TASK OBJECTIVE: When you copy the listing, reproduce each line as it appears and omit every image.
┄┄┄┄┄┄┄┄┄┄
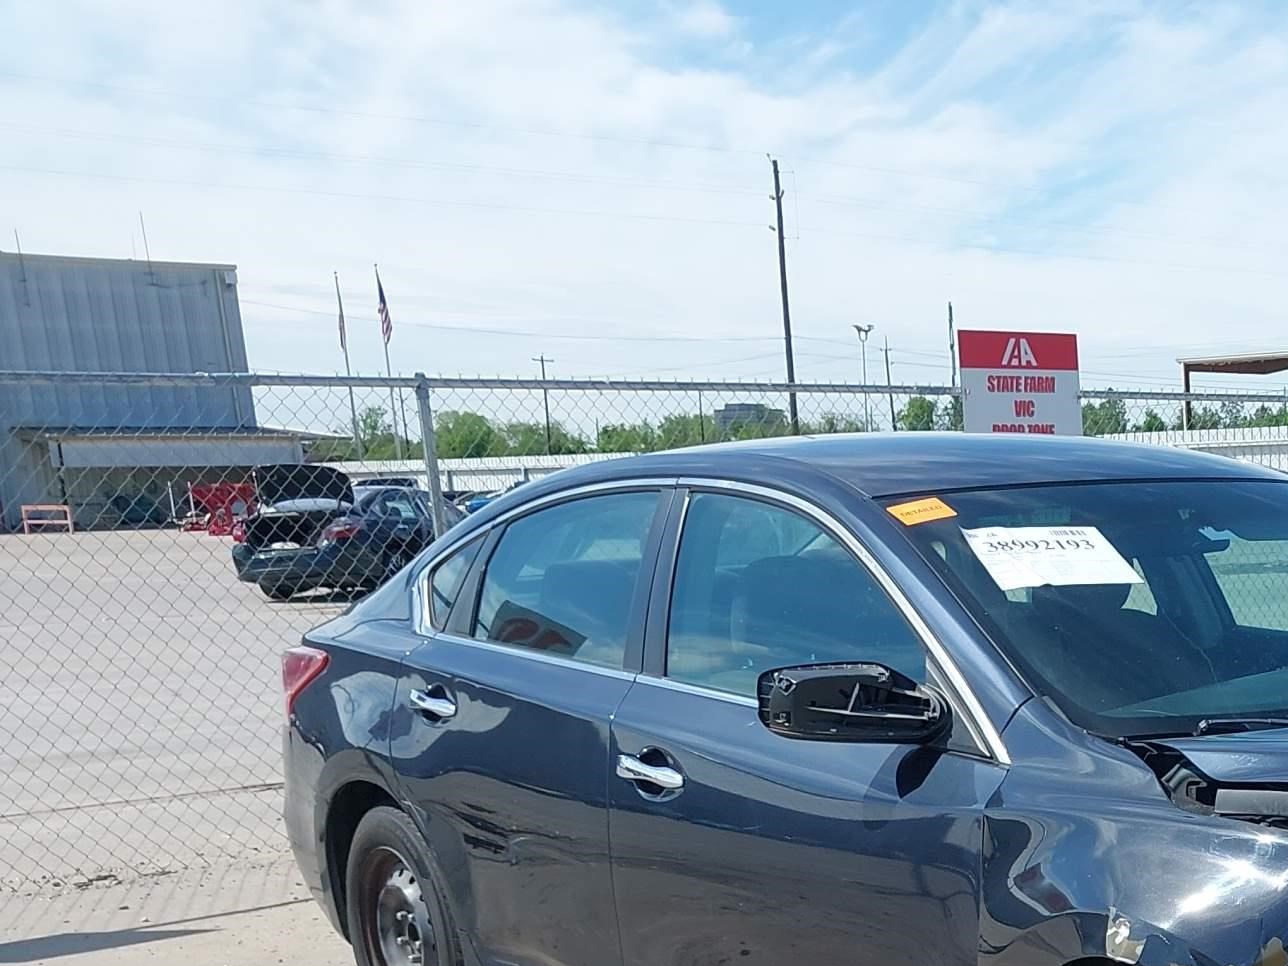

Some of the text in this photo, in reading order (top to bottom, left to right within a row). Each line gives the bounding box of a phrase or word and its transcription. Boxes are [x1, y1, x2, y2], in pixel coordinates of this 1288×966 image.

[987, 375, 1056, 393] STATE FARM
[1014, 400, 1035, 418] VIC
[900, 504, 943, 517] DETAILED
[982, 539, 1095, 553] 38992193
┄┄┄┄┄┄┄┄┄┄
SOLUTION FOR THIS PROBLEM:
Some of the text in this photo, in reading order (top to bottom, left to right within a row). Each line gives the bounding box of a phrase or word and its transcription. Boxes are [x1, y1, x2, y2], in pixel coordinates of this 1288×966 image.

[987, 375, 1056, 393] STATE FARM
[1014, 400, 1035, 418] VIC
[900, 504, 943, 517] DETAILED
[982, 539, 1095, 553] 38992193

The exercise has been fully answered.